On les croit faits d'acier, mais ils sont humains : les ambulanciers paramédicaux peuvent être marqués par des interventions très difficiles. Un nouveau service de pairs aidants mis au point par Urgences-santé suscite l'intérêt d'autres services ambulanciers au pays.

Les interventions qui marquent les ambulanciers paramédicaux sont impossibles à anticiper.

Parfois, des appels difficiles - un accident sanglant, par exemple - peuvent ne pas les affecter outre mesure. D'autres fois, une intervention en apparence banale, comme une personne âgée isolée dans sa demeure, peut les hanter durant des années.

Geneviève Beaudoin a été affectée par une intervention « horrible » vécue l'an dernier. L'intervention concernait un enfant, qui est mort.

« Je suis ambulancière paramédicale depuis huit ans, ce n'était pas mon premier appel qui concernait un enfant et qui s'est mal terminé, dit Mme Beaudoin. La différence, c'est que là, j'ai moi-même des enfants. »

Ce jour-là, Mme Beaudoin s'est fait happer par le drame humain qui se déroulait devant ses yeux.

« C'était juste horrible », se souvient-elle.

« Les parents, c'étaient des gens comme toi et moi. Ce n'était pas juste, ce qui leur arrivait. Tu t'imagines à leur place. Tu sympathises... Dans ta tête, ça se mélange. C'est trop proche. »

- L'ambulancière paramédicale Geneviève Beaudoin, à propos d'une intervention effectuée l'an dernier

Parfois, c'est de retour à la centrale que les ambulanciers paramédicaux réalisent qu'ils ont été affectés par ce qu'ils viennent de vivre. D'autres fois, ce sont des collègues qui se rendent compte, des jours plus tard, qu'ils sont tristes ou déprimés.

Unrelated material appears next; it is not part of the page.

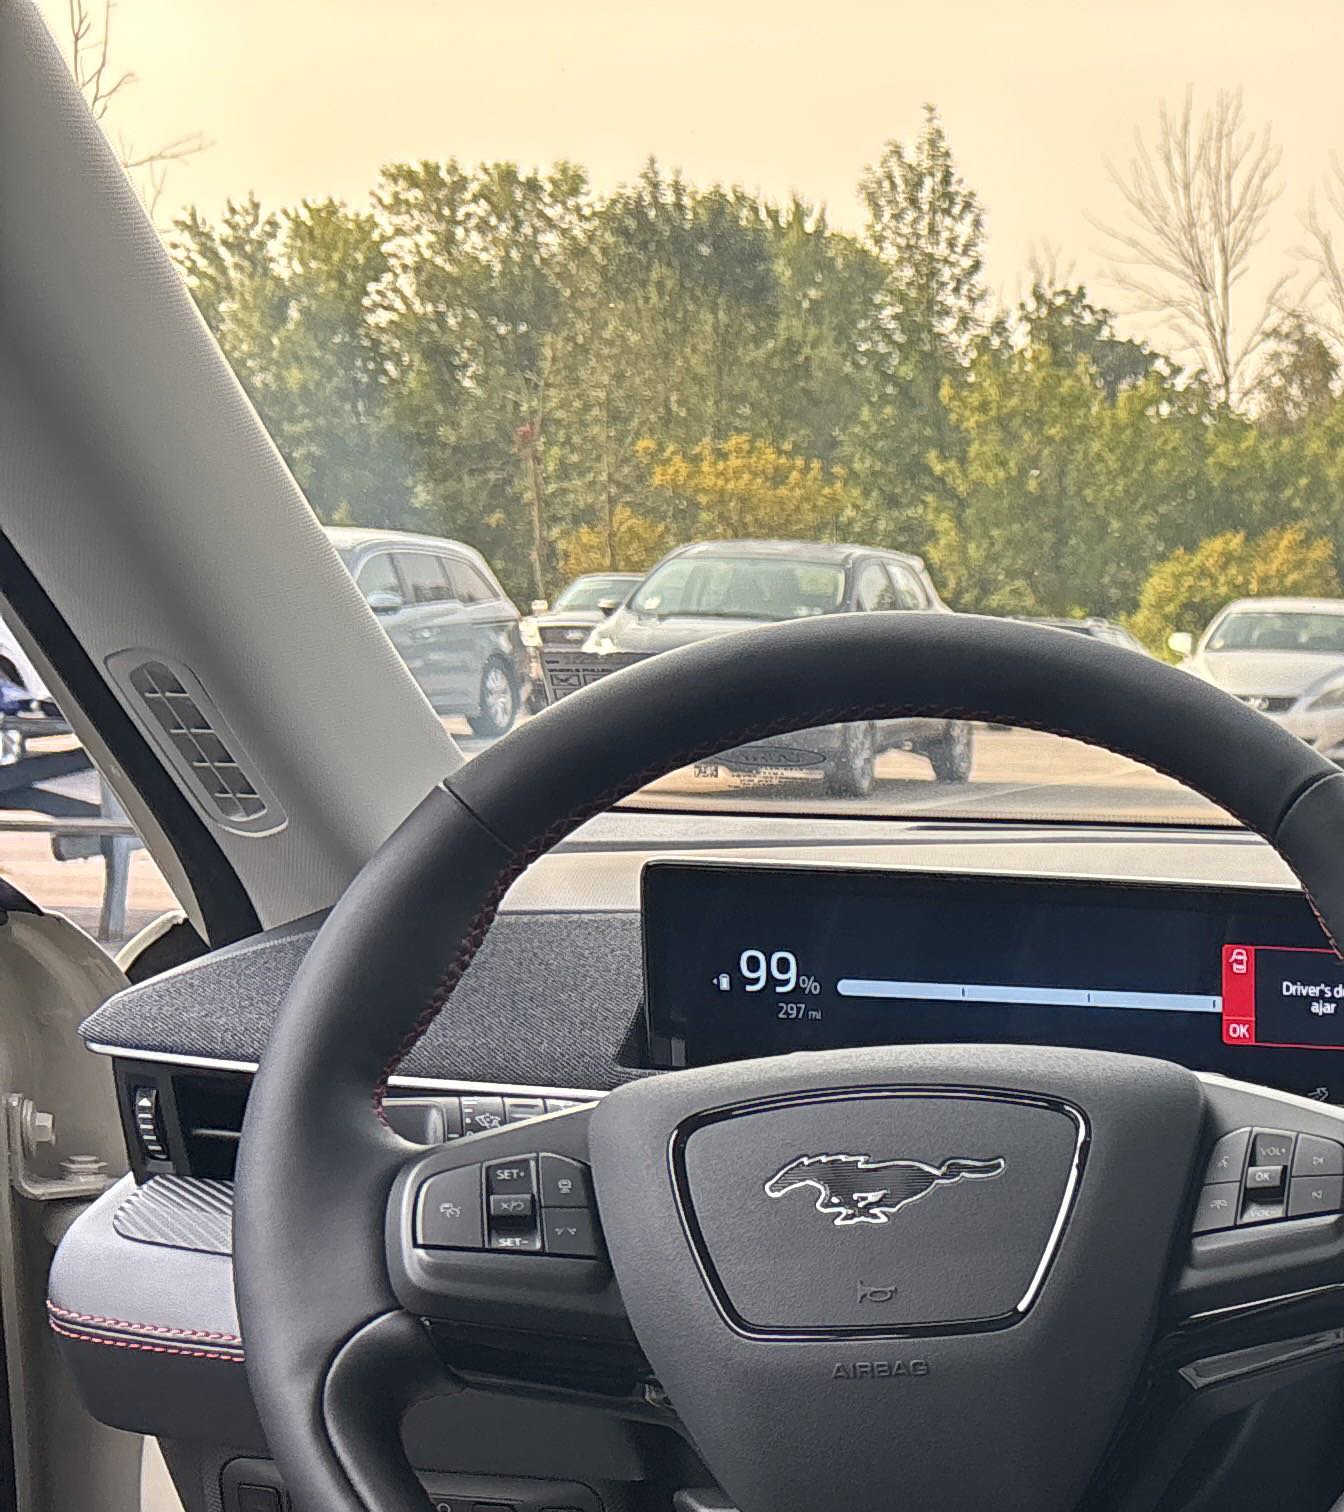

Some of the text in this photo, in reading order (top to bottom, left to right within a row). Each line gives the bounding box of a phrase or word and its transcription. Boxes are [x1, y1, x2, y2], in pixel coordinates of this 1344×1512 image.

Au cours de l'intervention très difficile qu'elle a vécue, Geneviève Beaudoin a su sur-le-champ qu'elle n'allait pas bien.

Elle a appelé un pair aidant, soit un ambulancier paramédical spécialement formé pour intervenir auprès de collègues qui vivent des chocs psychologiques. Une paire aidante est arrivée peu après.

« J'attendais dans le camion. Quand elle est arrivée, j'ai eu les yeux pleins d'eau. J'ai pleuré. J'ai perdu la notion du temps. »

Situations imprévisibles

Josée Coulombe, psychologue chez Urgences-santé, est celle qui a mis sur pied le programme de pairs aidants en 2018. « C'est un programme de premiers soins psychologiques », dit-elle.

Elle note que ce sont les situations nouvelles, les situations imprévisibles et celles sur lesquelles les intervenants n'ont pas de contrôle qui entraînent le plus de stress.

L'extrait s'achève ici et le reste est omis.